Instructions to follow → Every line in the data below has to be repeated exactly; no picture belongs in the result.

### Extracted records ###

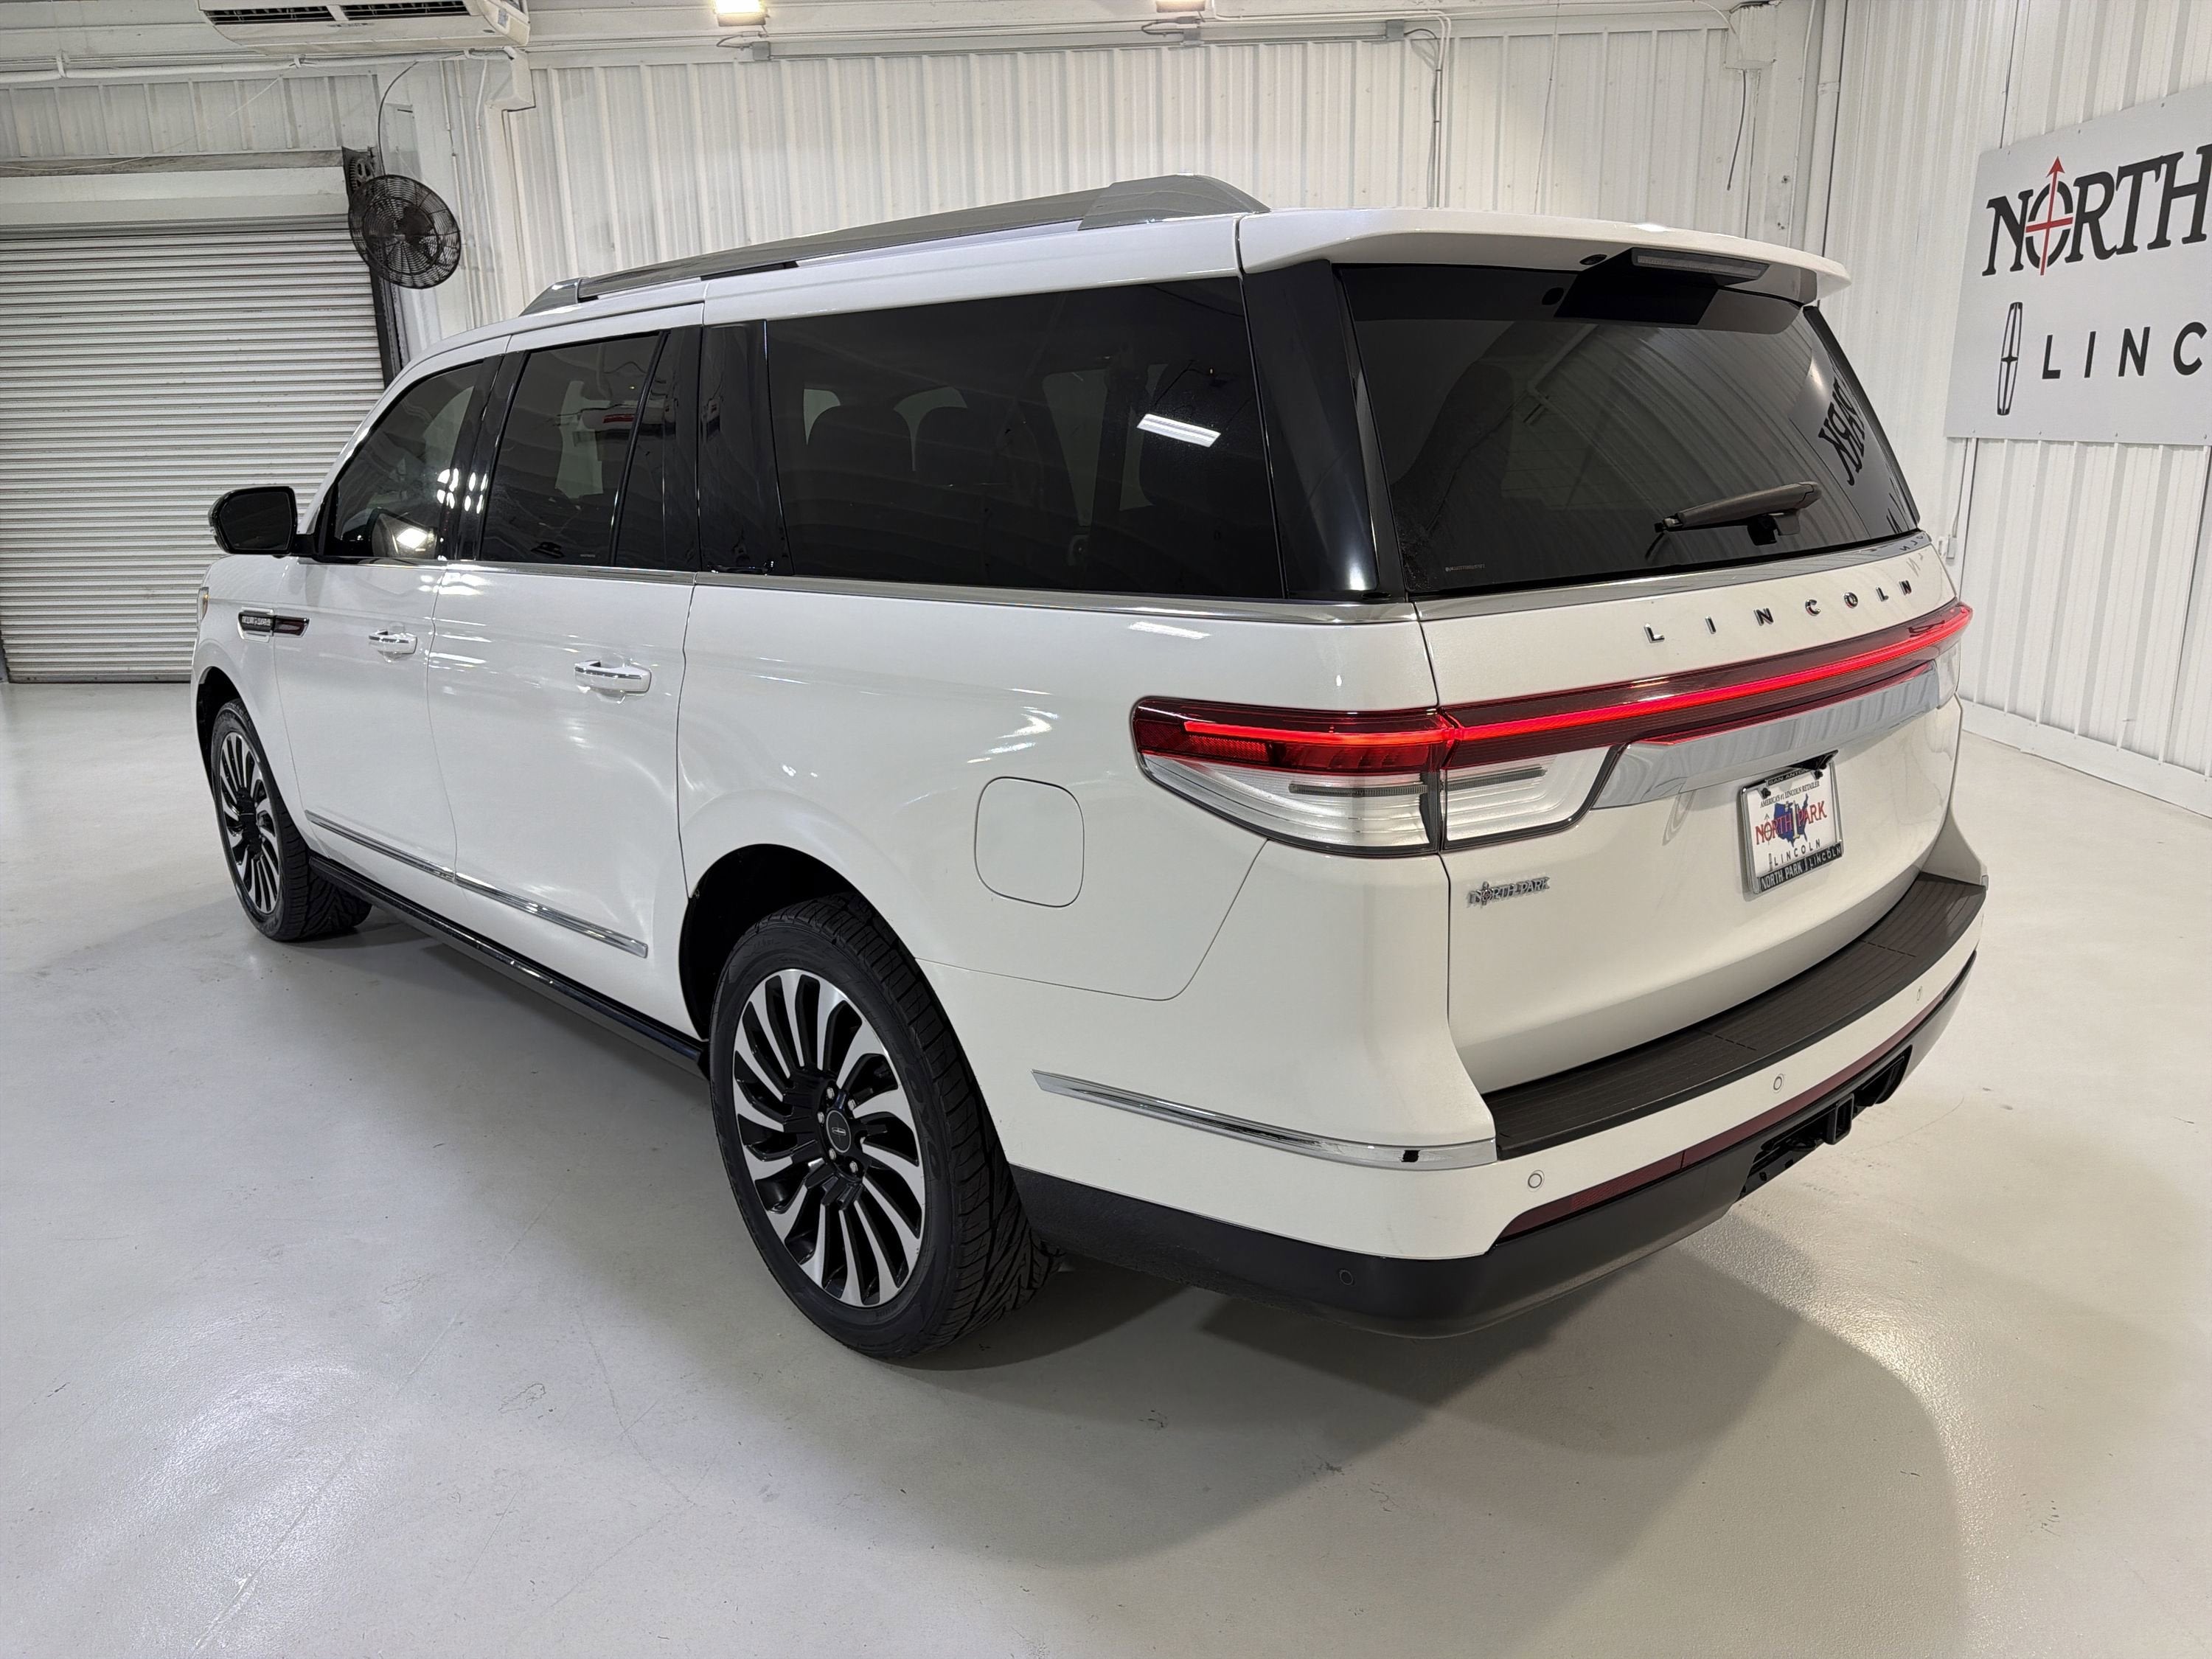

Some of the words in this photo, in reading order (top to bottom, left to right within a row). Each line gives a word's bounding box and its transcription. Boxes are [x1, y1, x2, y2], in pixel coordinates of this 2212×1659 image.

[1982, 143, 2212, 277] NORTH
[1644, 580, 1913, 644] LINCOLN
[1784, 786, 1802, 799] LINCOLN
[1802, 781, 1820, 792] RETAILER
[1785, 768, 1809, 779] ANTON
[1755, 813, 1792, 845] NORTH
[1797, 801, 1828, 827] PARK
[1761, 870, 1784, 890] NORTH
[1784, 862, 1804, 880] PARK
[1809, 846, 1842, 868] LINCOLN
[1773, 839, 1820, 866] LINCOLN
[1467, 883, 1515, 907] NORTH
[1519, 877, 1550, 896] PARK

###

Finished exercise →
Some of the words in this photo, in reading order (top to bottom, left to right within a row). Each line gives a word's bounding box and its transcription. Boxes are [x1, y1, x2, y2], in pixel coordinates of this 2212×1659 image.

[1982, 143, 2212, 277] NORTH
[1644, 580, 1913, 644] LINCOLN
[1784, 786, 1802, 799] LINCOLN
[1802, 781, 1820, 792] RETAILER
[1785, 768, 1809, 779] ANTON
[1755, 813, 1792, 845] NORTH
[1797, 801, 1828, 827] PARK
[1761, 870, 1784, 890] NORTH
[1784, 862, 1804, 880] PARK
[1809, 846, 1842, 868] LINCOLN
[1773, 839, 1820, 866] LINCOLN
[1467, 883, 1515, 907] NORTH
[1519, 877, 1550, 896] PARK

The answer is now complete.